▶ EXERCISE INSTRUCTIONS
Could you repeat exactly the lines below, from the line containing "this 1600×1200 image." through the last one, both included, while leaving out any pictures?

▶ EXTRACTED ENTRIES
= = =

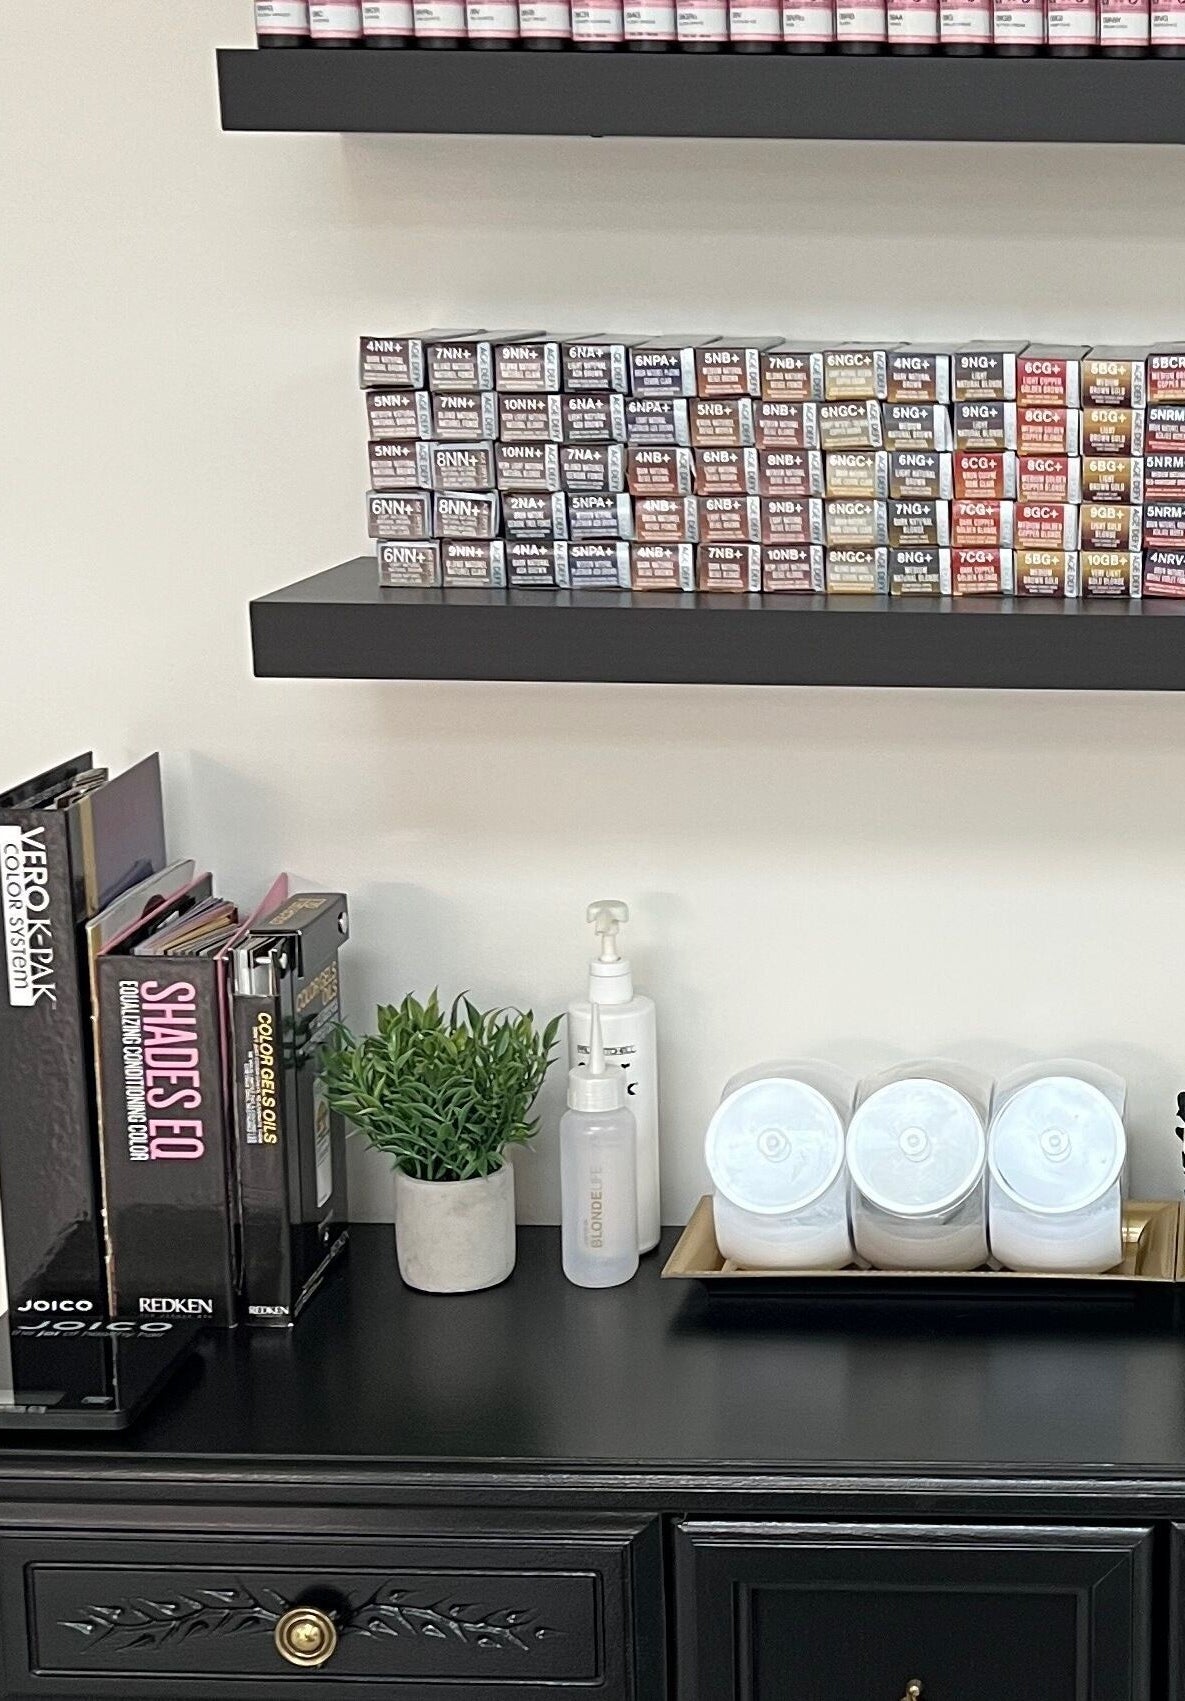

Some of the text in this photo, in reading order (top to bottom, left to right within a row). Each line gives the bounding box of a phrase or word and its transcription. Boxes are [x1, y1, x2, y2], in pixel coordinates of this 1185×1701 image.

[366, 340, 402, 352] 4NN+
[436, 348, 471, 359] 7NN+
[374, 396, 410, 407] 5NN+
[440, 399, 475, 409] 7NN+
[504, 400, 546, 410] 10NN+
[374, 446, 410, 457] 5NN+
[502, 447, 543, 458] 10NN+
[567, 449, 601, 460] 7NA+
[436, 452, 478, 467] 8NN+
[371, 501, 414, 515] 6NN+
[439, 500, 480, 516] 8NN+
[511, 498, 546, 509] 2NA+
[384, 548, 425, 563] 6NN+
[4, 843, 24, 910] COLOR
[20, 826, 57, 1001] VERO K-PAK
[119, 980, 149, 1161] EQUALIZING CONDITIONING COLOR
[140, 981, 205, 1160] SHADES EQ
[258, 1012, 277, 1144] COLOR GELS OILS
[17, 1300, 93, 1312] JOICO
[139, 1298, 213, 1313] REDKEN
[248, 1305, 289, 1315] REDKEN
[17, 1320, 173, 1331] JOICO
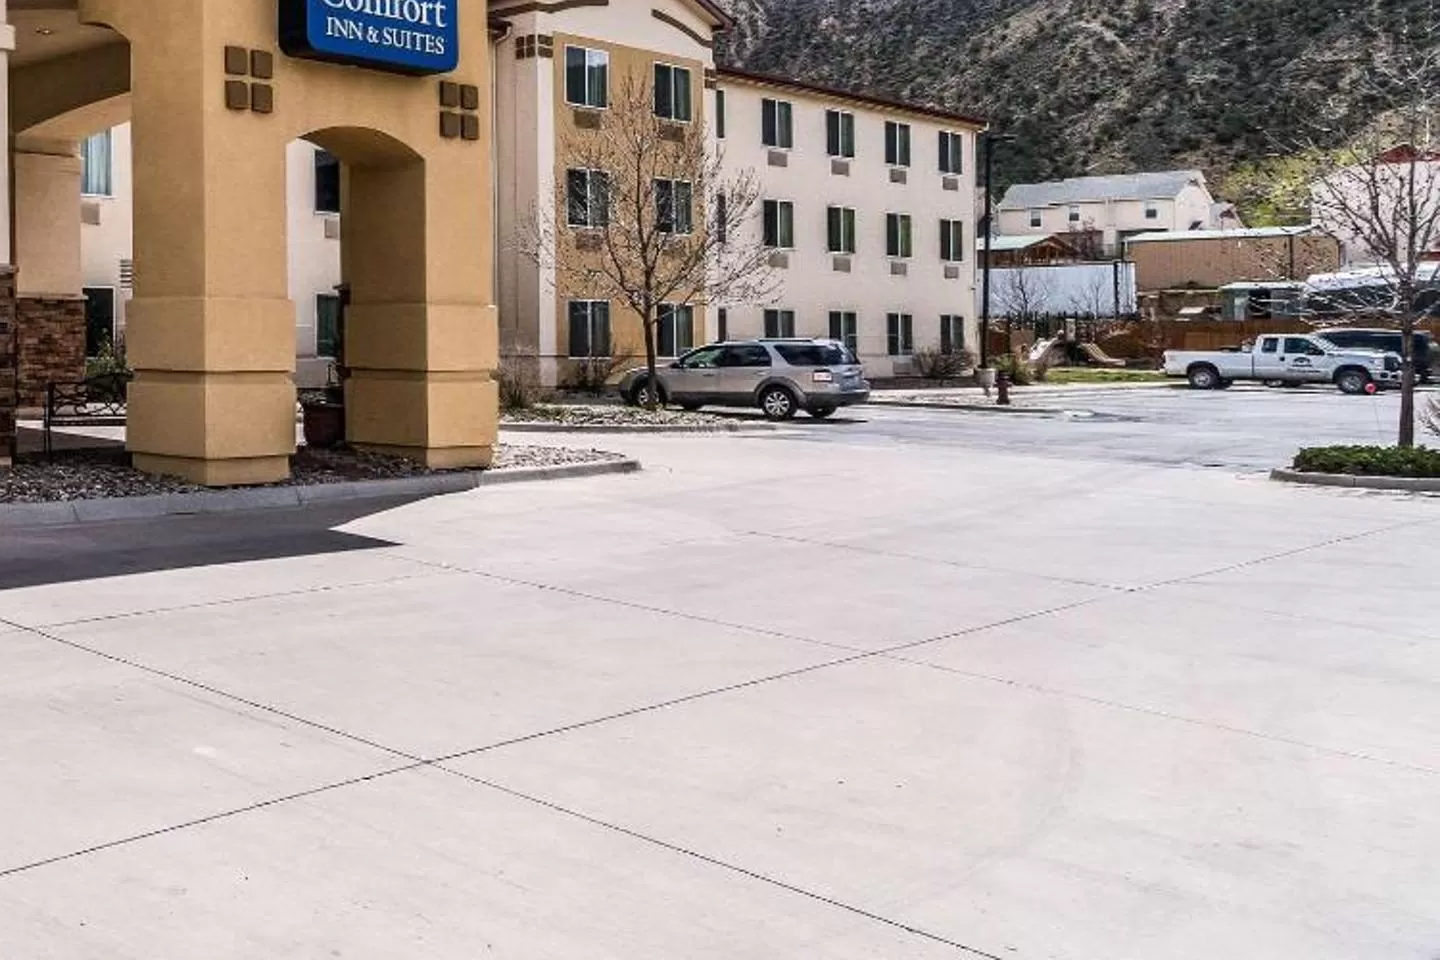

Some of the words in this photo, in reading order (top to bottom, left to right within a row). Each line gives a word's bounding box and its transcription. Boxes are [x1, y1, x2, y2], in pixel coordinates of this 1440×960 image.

[326, 16, 364, 41] INN
[366, 25, 380, 44] &
[382, 27, 445, 55] SUITES
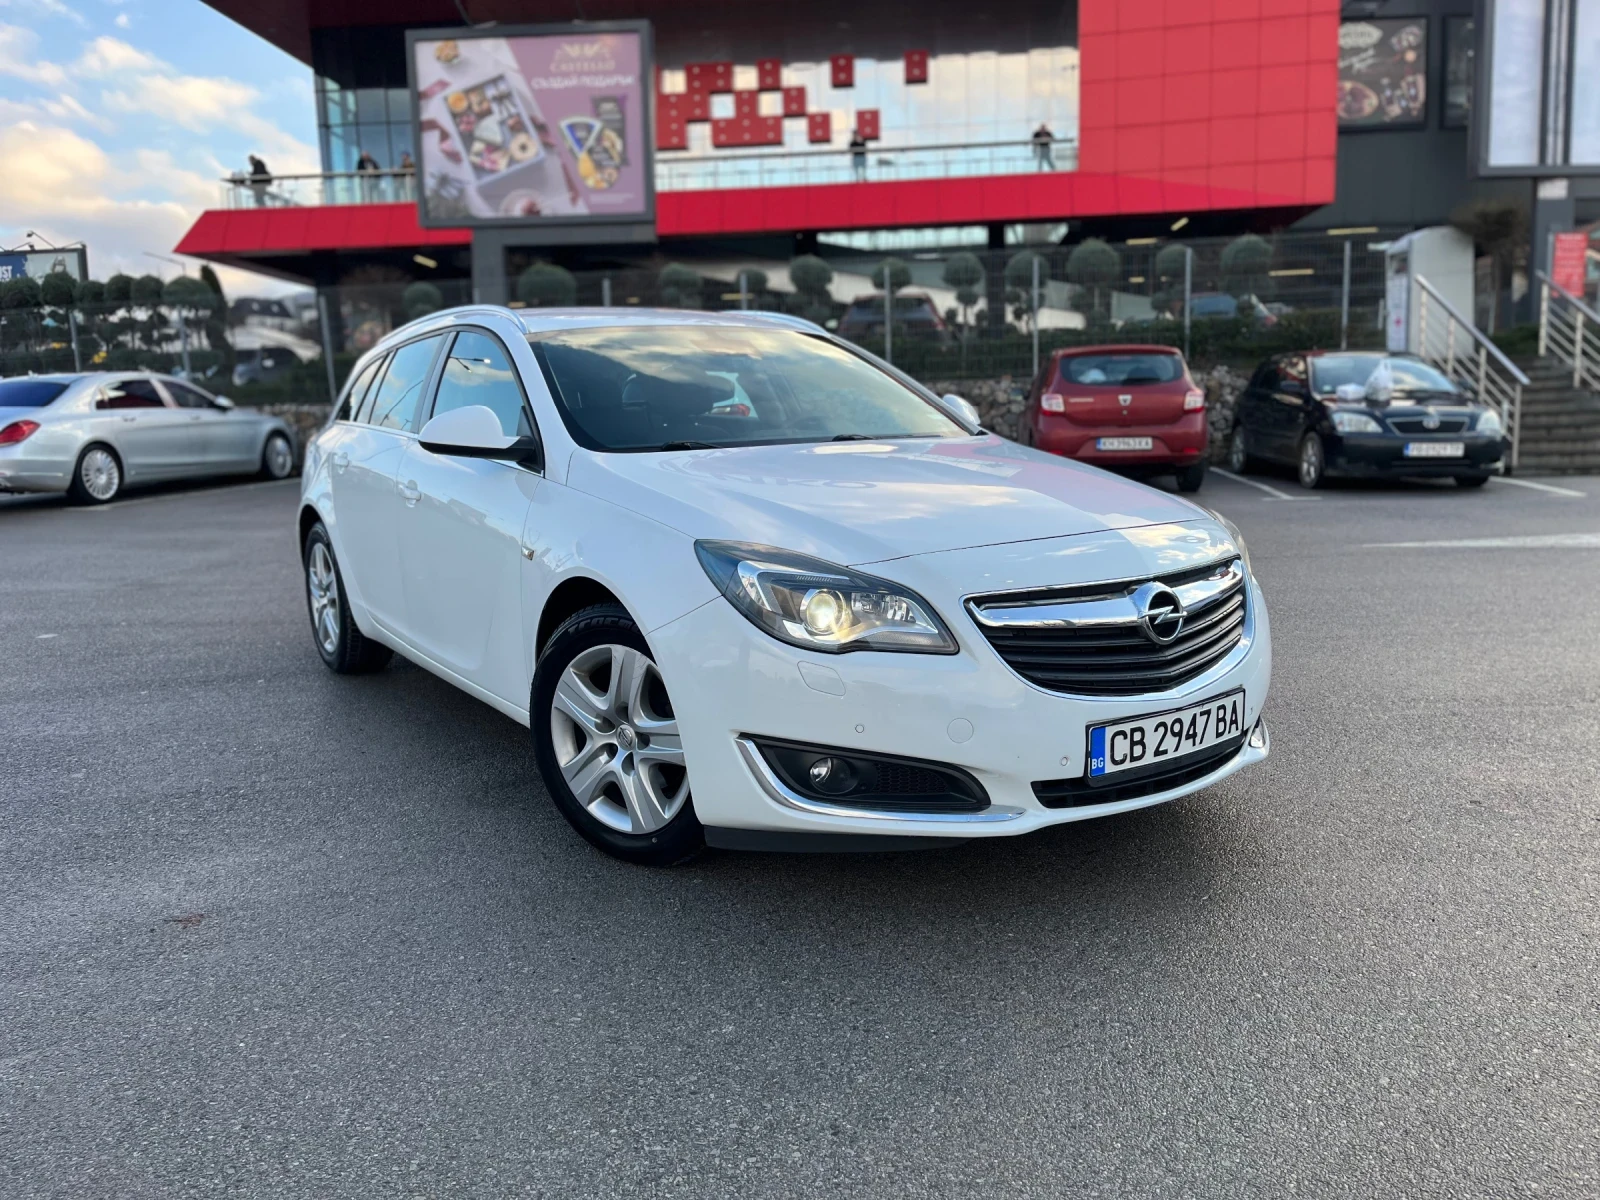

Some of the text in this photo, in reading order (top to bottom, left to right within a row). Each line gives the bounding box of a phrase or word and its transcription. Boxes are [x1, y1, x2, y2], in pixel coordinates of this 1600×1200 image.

[1109, 699, 1239, 766] CB 2947 BA
[1091, 757, 1104, 770] BG
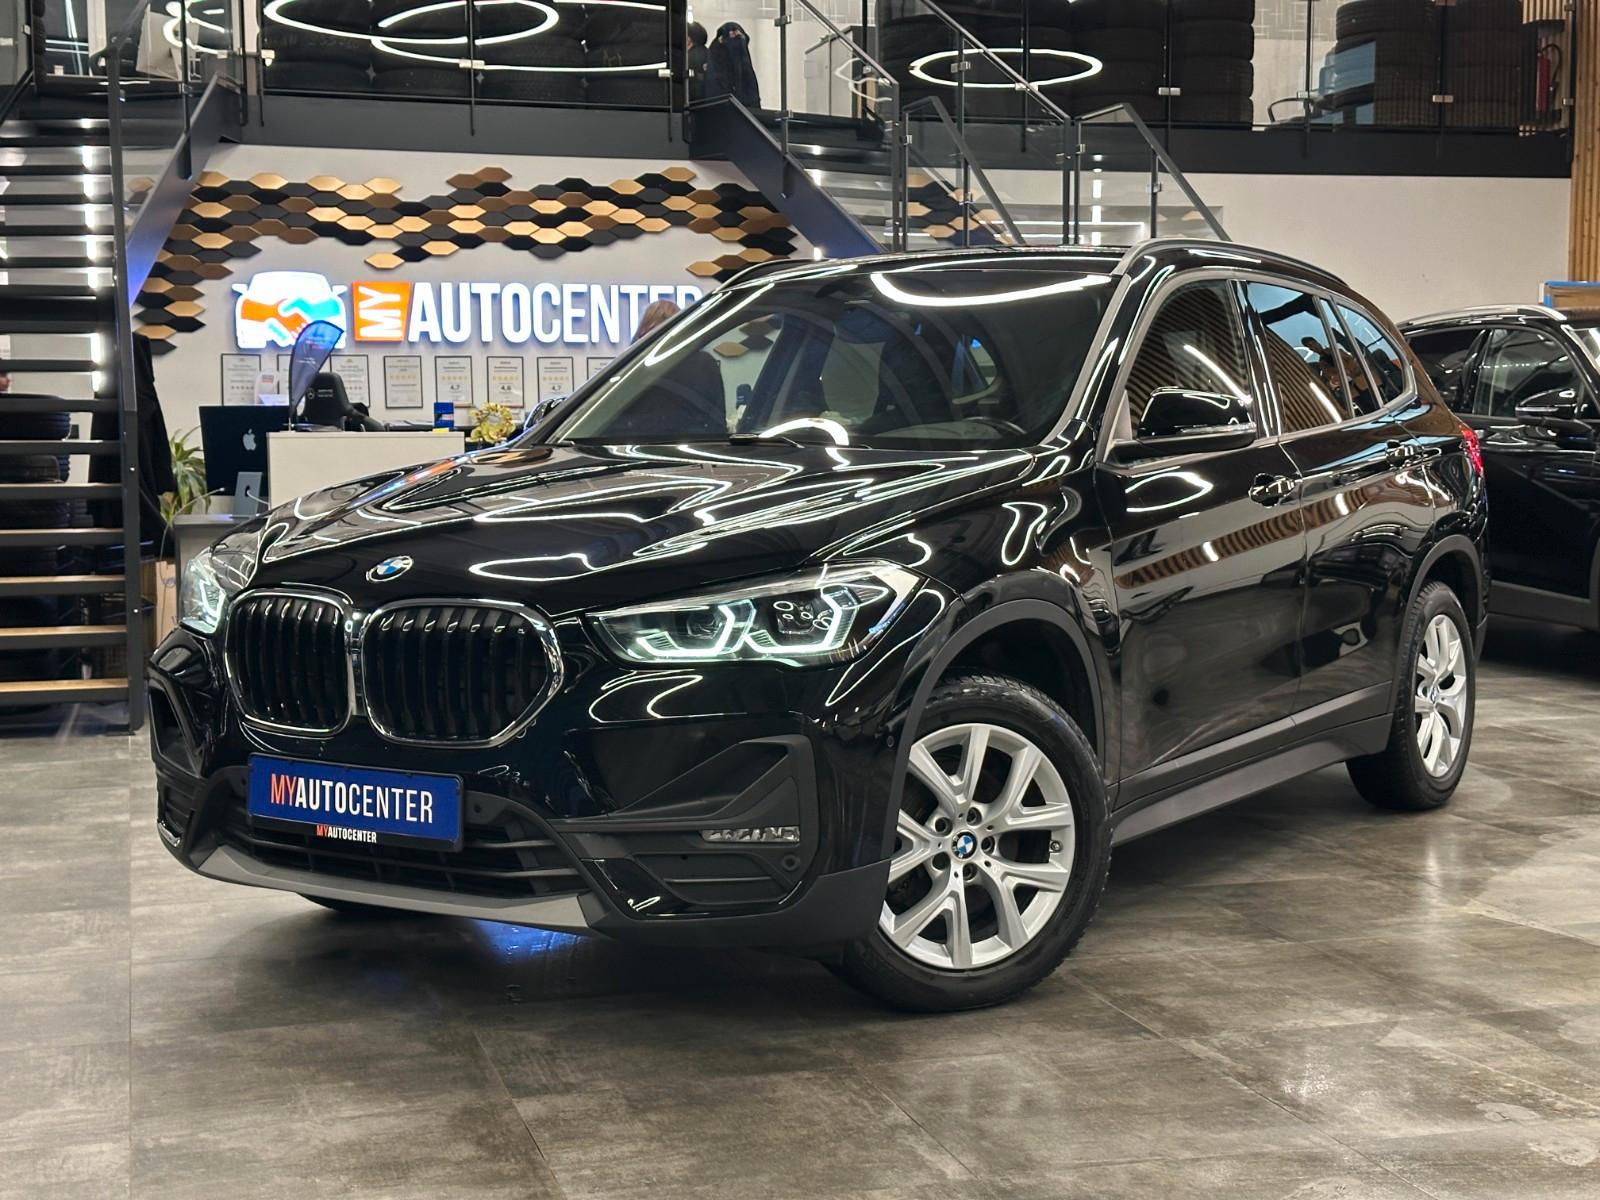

= = =

▶ SOLUTION FOR THIS EXERCISE
Some of the text in this photo, in reading order (top to bottom, left to right within a row). Each line gives the bounding box of a phrase or word and its transcription. Boxes are [x1, y1, x2, y2], in pixel coordinates of this 1600×1200 image.

[1109, 699, 1239, 766] CB 2947 BA
[1091, 757, 1104, 770] BG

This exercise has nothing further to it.